■ **INSTRUCTIONS FOR THE TASK**: Where a record contains a picture, omit it; otherwise reproduce the listing exactly.

DATA TO EXAMINE START

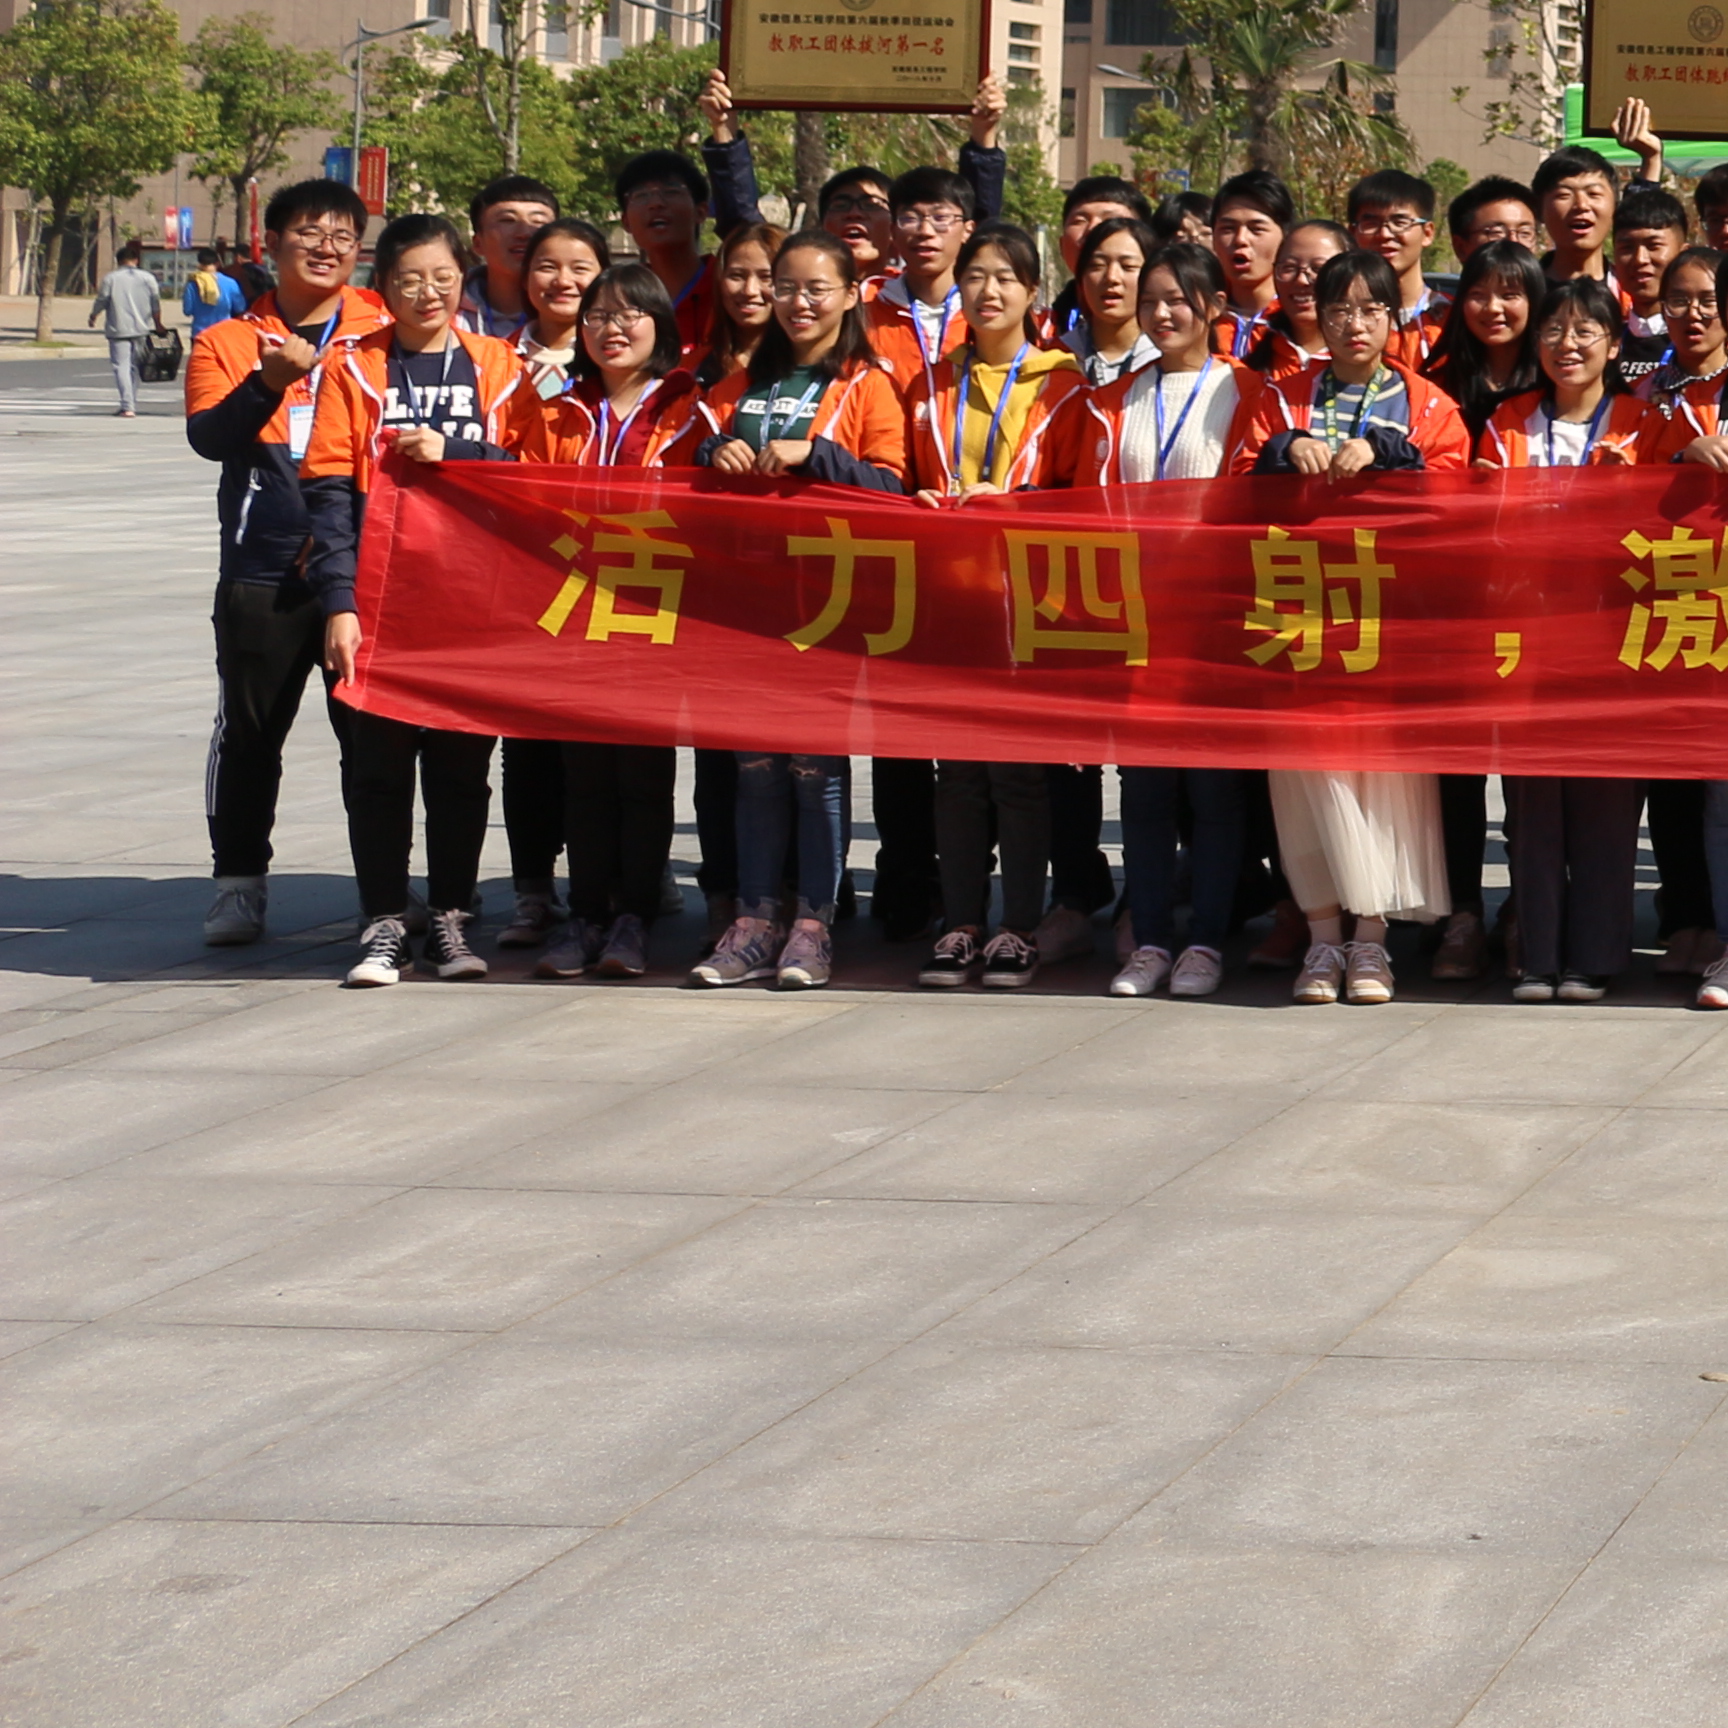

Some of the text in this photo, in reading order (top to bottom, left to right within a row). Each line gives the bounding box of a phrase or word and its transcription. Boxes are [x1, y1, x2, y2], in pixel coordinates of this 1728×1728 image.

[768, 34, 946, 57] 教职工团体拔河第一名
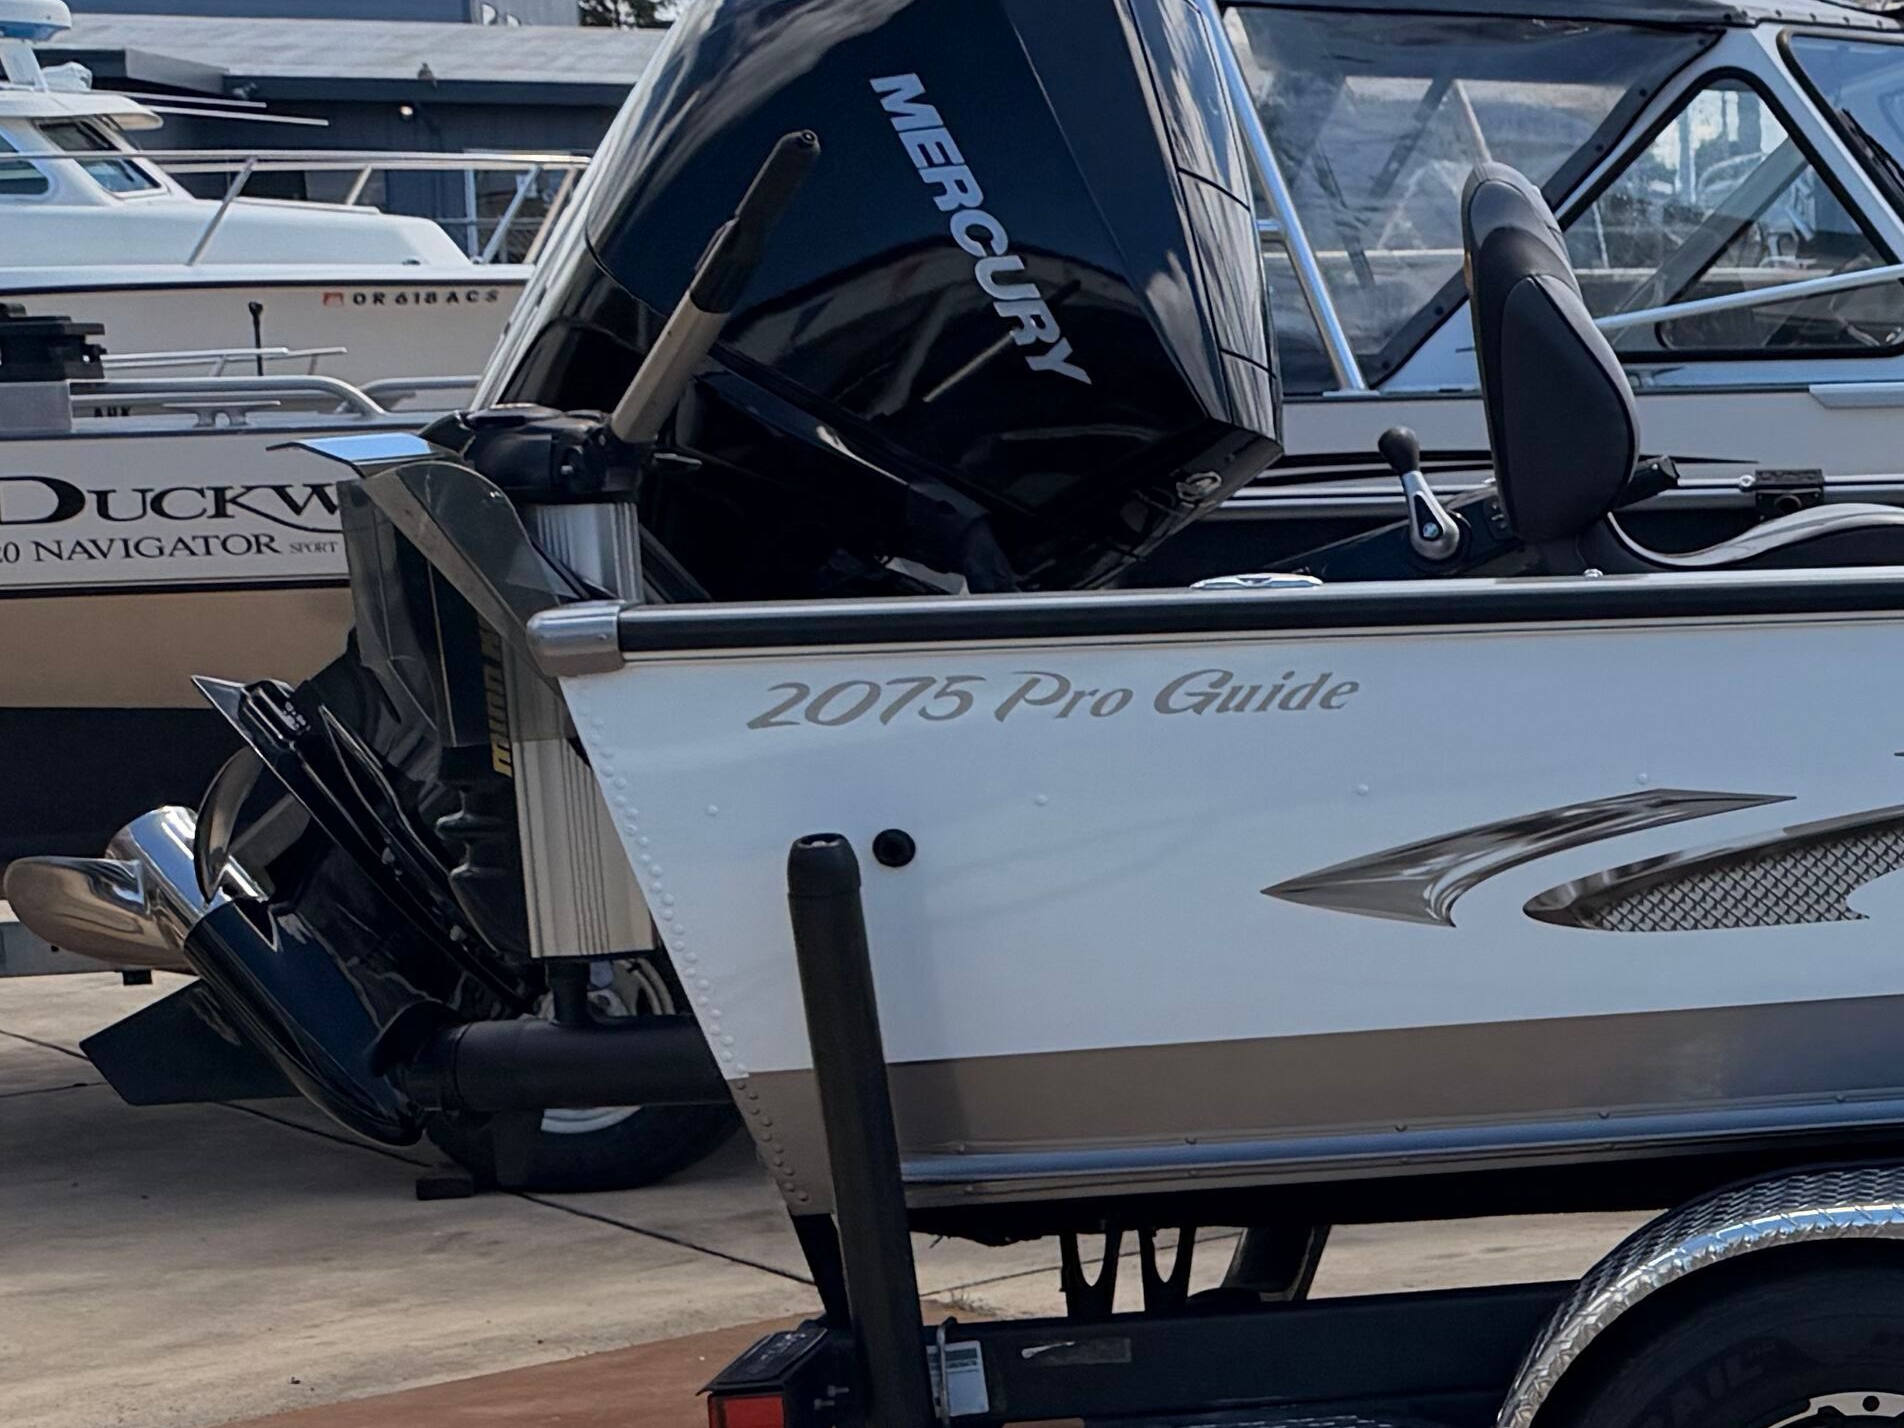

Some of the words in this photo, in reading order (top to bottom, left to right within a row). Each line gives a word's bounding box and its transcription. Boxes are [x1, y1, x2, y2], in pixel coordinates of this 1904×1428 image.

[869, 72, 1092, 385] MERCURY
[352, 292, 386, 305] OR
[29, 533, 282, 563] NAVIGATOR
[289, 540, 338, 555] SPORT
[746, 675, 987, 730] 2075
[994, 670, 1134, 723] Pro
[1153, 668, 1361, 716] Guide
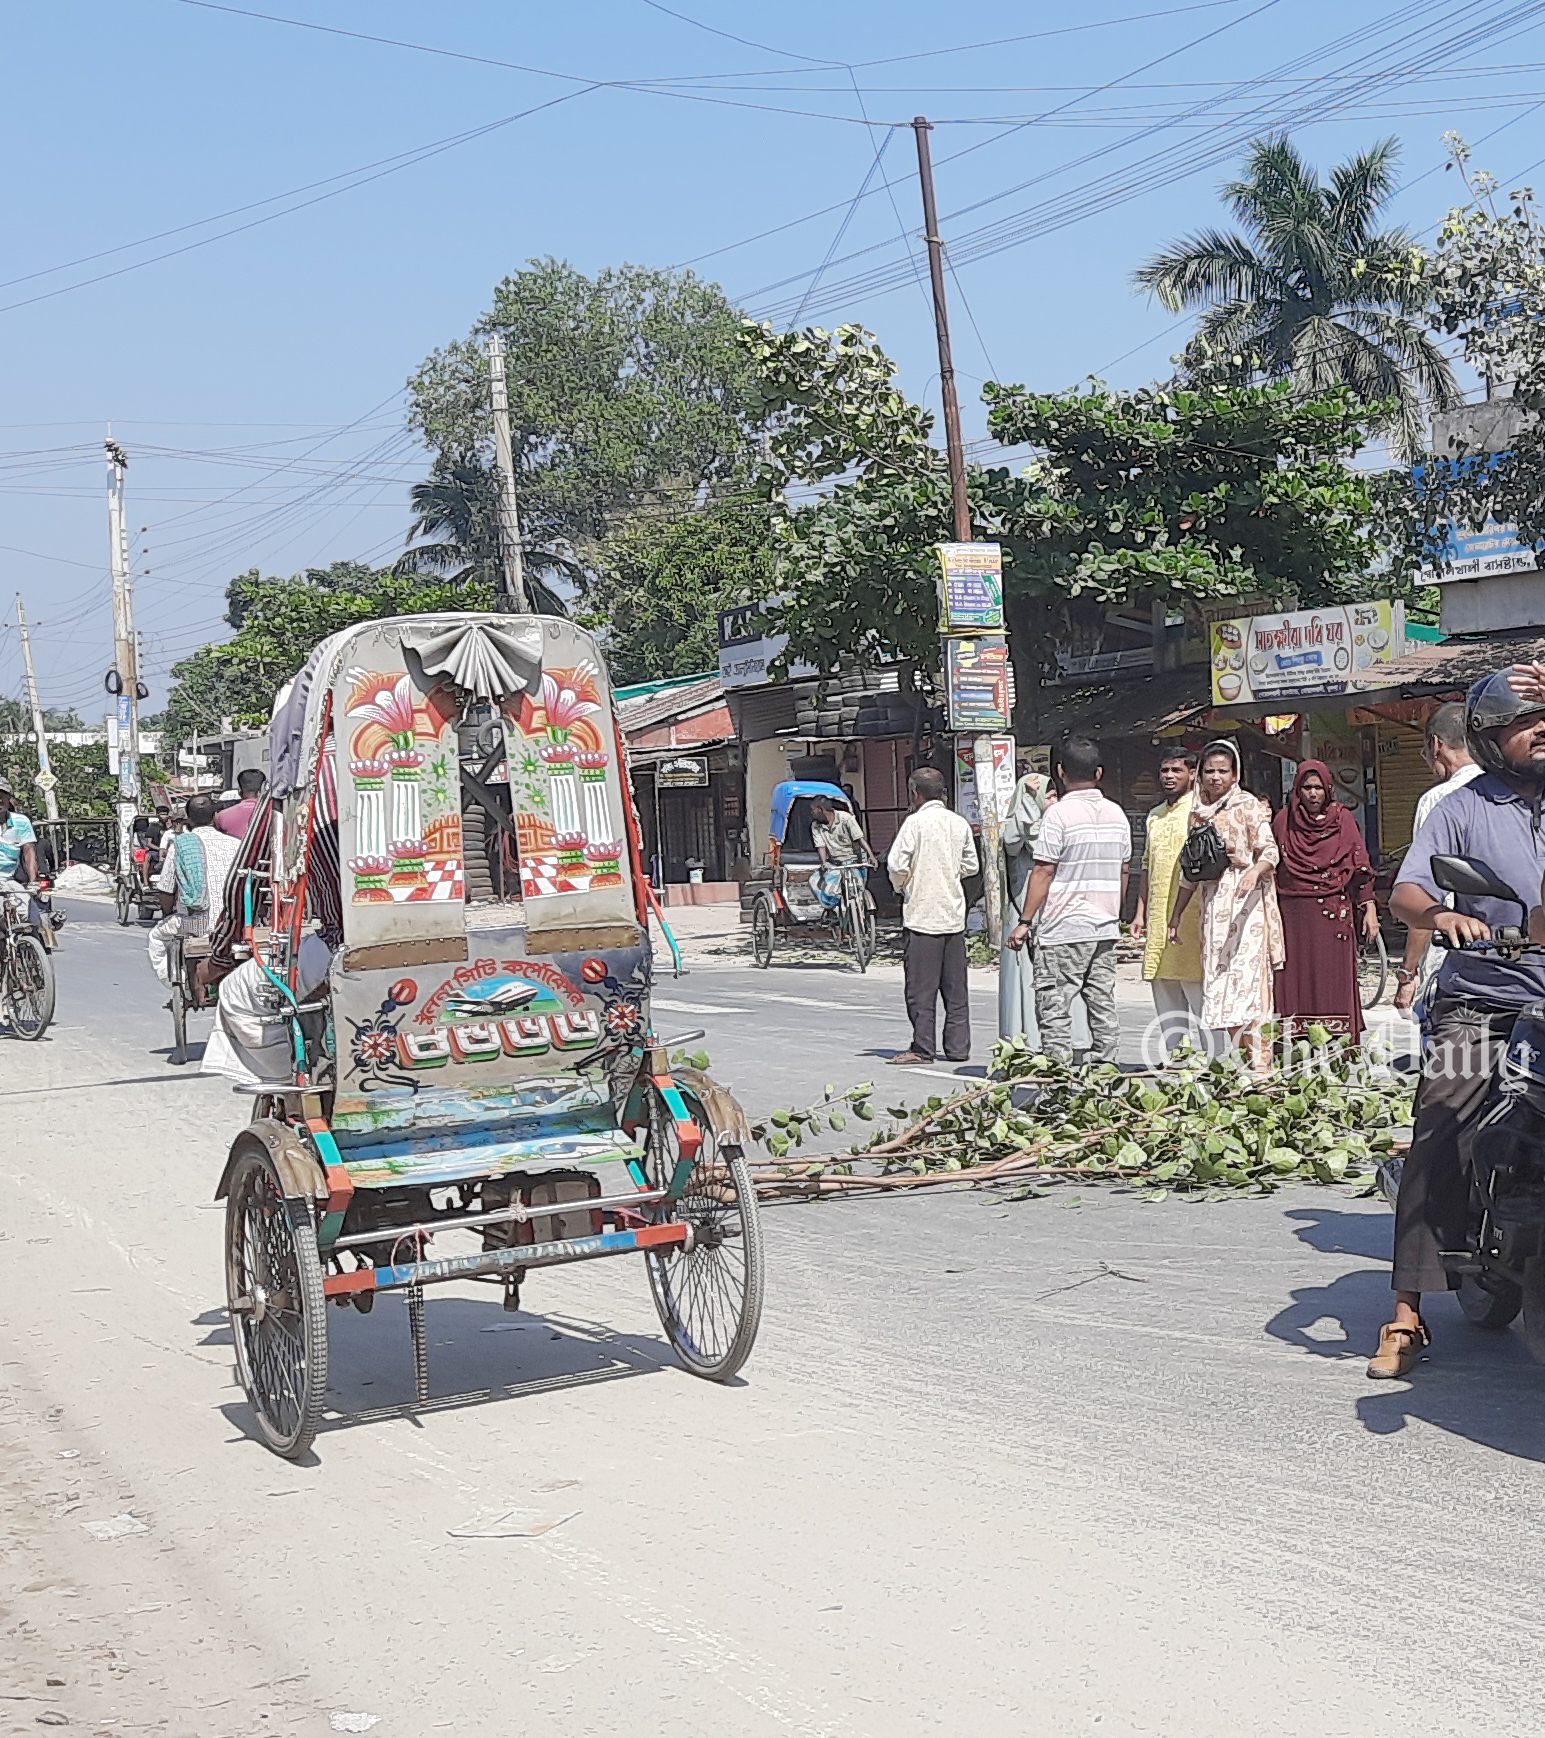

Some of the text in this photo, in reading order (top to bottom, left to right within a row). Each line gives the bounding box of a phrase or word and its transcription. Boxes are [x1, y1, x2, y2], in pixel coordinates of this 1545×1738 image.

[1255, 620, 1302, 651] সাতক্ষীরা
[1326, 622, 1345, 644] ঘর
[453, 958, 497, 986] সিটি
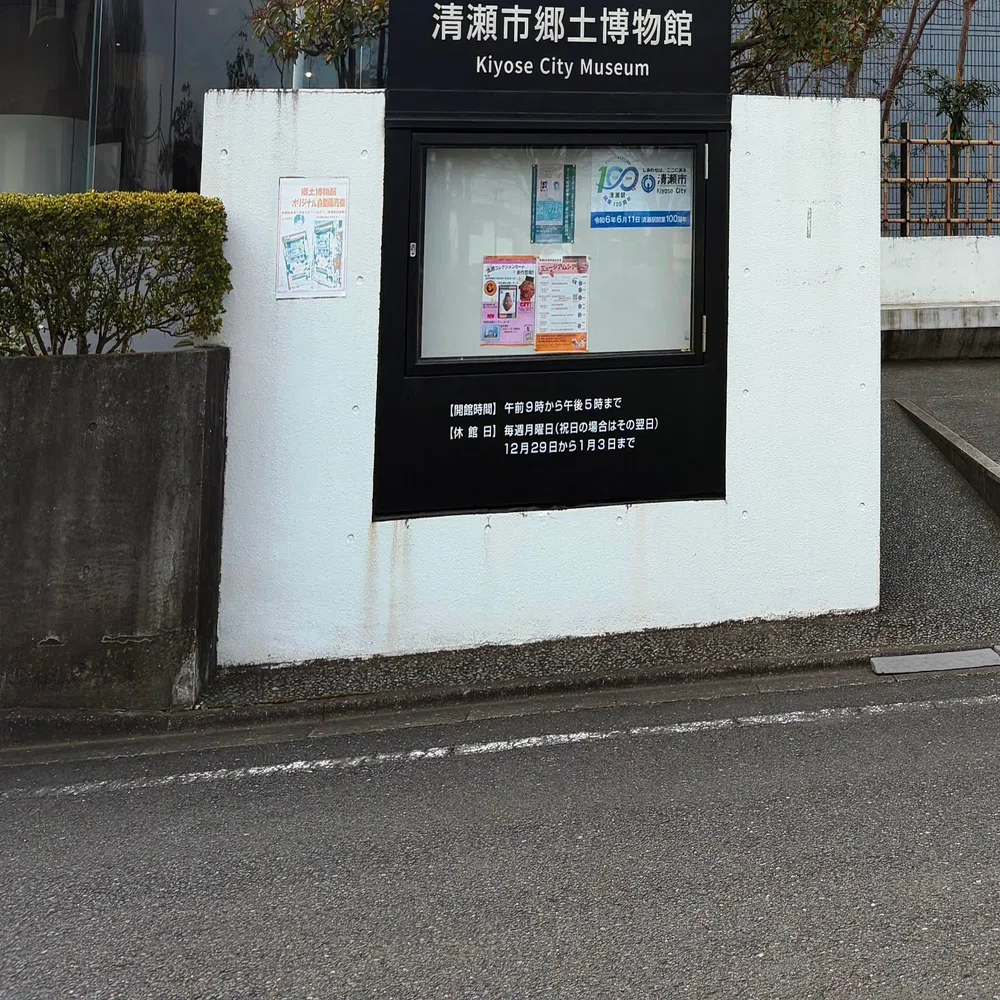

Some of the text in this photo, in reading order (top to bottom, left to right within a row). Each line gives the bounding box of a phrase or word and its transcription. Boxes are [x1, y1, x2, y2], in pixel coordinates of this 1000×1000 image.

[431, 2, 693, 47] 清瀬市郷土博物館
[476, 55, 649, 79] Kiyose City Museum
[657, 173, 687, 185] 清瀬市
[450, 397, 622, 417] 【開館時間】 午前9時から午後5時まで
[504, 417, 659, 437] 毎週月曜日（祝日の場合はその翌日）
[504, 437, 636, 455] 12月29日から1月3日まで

DATA TO EXAMINE END

■ **EXPECTED ANSWER**:
Some of the text in this photo, in reading order (top to bottom, left to right within a row). Each line gives the bounding box of a phrase or word and its transcription. Boxes are [x1, y1, x2, y2], in pixel coordinates of this 1728×1728 image.

[768, 34, 946, 57] 教职工团体拔河第一名

Some of the words in this photo, in reading order (top to bottom, left to right within a row). Each line gives a word's bounding box and its transcription. Boxes are [x1, y1, x2, y2], in pixel coordinates of this 1904×1428 image.

[869, 72, 1092, 385] MERCURY
[352, 292, 386, 305] OR
[29, 533, 282, 563] NAVIGATOR
[289, 540, 338, 555] SPORT
[746, 675, 987, 730] 2075
[994, 670, 1134, 723] Pro
[1153, 668, 1361, 716] Guide

Some of the text in this photo, in reading order (top to bottom, left to right within a row). Each line gives the bounding box of a phrase or word and its transcription. Boxes are [x1, y1, x2, y2], in pixel coordinates of this 1545×1738 image.

[1255, 620, 1302, 651] সাতক্ষীরা
[1326, 622, 1345, 644] ঘর
[453, 958, 497, 986] সিটি

Some of the text in this photo, in reading order (top to bottom, left to right within a row). Each line gives the bounding box of a phrase or word and its transcription. Boxes are [x1, y1, x2, y2], in pixel coordinates of this 1000×1000 image.

[431, 2, 693, 47] 清瀬市郷土博物館
[476, 55, 649, 79] Kiyose City Museum
[657, 173, 687, 185] 清瀬市
[450, 397, 622, 417] 【開館時間】 午前9時から午後5時まで
[504, 417, 659, 437] 毎週月曜日（祝日の場合はその翌日）
[504, 437, 636, 455] 12月29日から1月3日まで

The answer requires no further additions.